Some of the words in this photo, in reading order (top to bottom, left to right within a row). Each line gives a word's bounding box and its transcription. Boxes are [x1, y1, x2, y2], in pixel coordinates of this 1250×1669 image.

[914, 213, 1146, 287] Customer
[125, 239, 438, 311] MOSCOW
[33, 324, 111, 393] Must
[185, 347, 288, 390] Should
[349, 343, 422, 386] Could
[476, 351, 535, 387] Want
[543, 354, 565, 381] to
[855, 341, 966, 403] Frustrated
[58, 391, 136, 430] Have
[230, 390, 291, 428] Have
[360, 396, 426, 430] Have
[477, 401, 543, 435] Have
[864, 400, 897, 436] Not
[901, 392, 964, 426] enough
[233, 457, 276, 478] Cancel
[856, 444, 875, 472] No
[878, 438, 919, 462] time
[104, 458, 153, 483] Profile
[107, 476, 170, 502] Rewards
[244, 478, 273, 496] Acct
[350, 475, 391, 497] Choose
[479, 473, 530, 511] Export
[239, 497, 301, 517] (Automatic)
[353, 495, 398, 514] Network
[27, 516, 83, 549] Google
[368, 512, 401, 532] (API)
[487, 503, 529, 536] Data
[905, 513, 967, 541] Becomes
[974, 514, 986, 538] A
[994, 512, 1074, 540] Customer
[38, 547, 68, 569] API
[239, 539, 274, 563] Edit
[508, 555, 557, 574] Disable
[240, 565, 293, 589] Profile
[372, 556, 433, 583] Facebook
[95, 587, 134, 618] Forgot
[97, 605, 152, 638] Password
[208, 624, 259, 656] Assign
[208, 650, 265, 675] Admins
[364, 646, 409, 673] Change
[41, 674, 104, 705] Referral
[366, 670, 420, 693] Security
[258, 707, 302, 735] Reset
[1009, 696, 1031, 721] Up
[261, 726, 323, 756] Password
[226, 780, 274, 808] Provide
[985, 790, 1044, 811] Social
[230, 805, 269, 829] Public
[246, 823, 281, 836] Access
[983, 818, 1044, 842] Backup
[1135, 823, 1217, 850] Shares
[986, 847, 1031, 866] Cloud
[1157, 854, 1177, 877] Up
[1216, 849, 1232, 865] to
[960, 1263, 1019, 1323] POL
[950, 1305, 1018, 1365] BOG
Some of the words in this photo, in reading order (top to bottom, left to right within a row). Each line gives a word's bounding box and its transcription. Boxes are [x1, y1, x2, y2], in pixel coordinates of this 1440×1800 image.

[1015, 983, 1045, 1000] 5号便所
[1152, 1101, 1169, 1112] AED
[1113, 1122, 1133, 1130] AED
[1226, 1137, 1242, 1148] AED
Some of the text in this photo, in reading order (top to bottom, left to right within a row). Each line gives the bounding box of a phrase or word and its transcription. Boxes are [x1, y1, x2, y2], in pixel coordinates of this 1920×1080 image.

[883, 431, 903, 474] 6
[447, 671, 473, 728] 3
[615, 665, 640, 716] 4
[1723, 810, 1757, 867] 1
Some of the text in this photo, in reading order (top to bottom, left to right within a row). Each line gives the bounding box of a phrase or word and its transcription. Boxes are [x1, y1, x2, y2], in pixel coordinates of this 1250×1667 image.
--- --- ---
• What is expected
Type the whole listing again, unaltered.

• Written answer
Some of the words in this photo, in reading order (top to bottom, left to right within a row). Each line gives a word's bounding box and its transcription. Boxes are [x1, y1, x2, y2], in pixel coordinates of this 1250×1669 image.

[914, 213, 1146, 287] Customer
[125, 239, 438, 311] MOSCOW
[33, 324, 111, 393] Must
[185, 347, 288, 390] Should
[349, 343, 422, 386] Could
[476, 351, 535, 387] Want
[543, 354, 565, 381] to
[855, 341, 966, 403] Frustrated
[58, 391, 136, 430] Have
[230, 390, 291, 428] Have
[360, 396, 426, 430] Have
[477, 401, 543, 435] Have
[864, 400, 897, 436] Not
[901, 392, 964, 426] enough
[233, 457, 276, 478] Cancel
[856, 444, 875, 472] No
[878, 438, 919, 462] time
[104, 458, 153, 483] Profile
[107, 476, 170, 502] Rewards
[244, 478, 273, 496] Acct
[350, 475, 391, 497] Choose
[479, 473, 530, 511] Export
[239, 497, 301, 517] (Automatic)
[353, 495, 398, 514] Network
[27, 516, 83, 549] Google
[368, 512, 401, 532] (API)
[487, 503, 529, 536] Data
[905, 513, 967, 541] Becomes
[974, 514, 986, 538] A
[994, 512, 1074, 540] Customer
[38, 547, 68, 569] API
[239, 539, 274, 563] Edit
[508, 555, 557, 574] Disable
[240, 565, 293, 589] Profile
[372, 556, 433, 583] Facebook
[95, 587, 134, 618] Forgot
[97, 605, 152, 638] Password
[208, 624, 259, 656] Assign
[208, 650, 265, 675] Admins
[364, 646, 409, 673] Change
[41, 674, 104, 705] Referral
[366, 670, 420, 693] Security
[258, 707, 302, 735] Reset
[1009, 696, 1031, 721] Up
[261, 726, 323, 756] Password
[226, 780, 274, 808] Provide
[985, 790, 1044, 811] Social
[230, 805, 269, 829] Public
[246, 823, 281, 836] Access
[983, 818, 1044, 842] Backup
[1135, 823, 1217, 850] Shares
[986, 847, 1031, 866] Cloud
[1157, 854, 1177, 877] Up
[1216, 849, 1232, 865] to
[960, 1263, 1019, 1323] POL
[950, 1305, 1018, 1365] BOG
Some of the words in this photo, in reading order (top to bottom, left to right within a row). Each line gives a word's bounding box and its transcription. Boxes are [x1, y1, x2, y2], in pixel coordinates of this 1440×1800 image.

[1015, 983, 1045, 1000] 5号便所
[1152, 1101, 1169, 1112] AED
[1113, 1122, 1133, 1130] AED
[1226, 1137, 1242, 1148] AED
Some of the text in this photo, in reading order (top to bottom, left to right within a row). Each line gives the bounding box of a phrase or word and its transcription. Boxes are [x1, y1, x2, y2], in pixel coordinates of this 1920×1080 image.

[883, 431, 903, 474] 6
[447, 671, 473, 728] 3
[615, 665, 640, 716] 4
[1723, 810, 1757, 867] 1
Some of the text in this photo, in reading order (top to bottom, left to right within a row). Each line gives the bounding box of a phrase or word and its transcription. Boxes are [x1, y1, x2, y2], in pixel coordinates of this 1250×1667 image.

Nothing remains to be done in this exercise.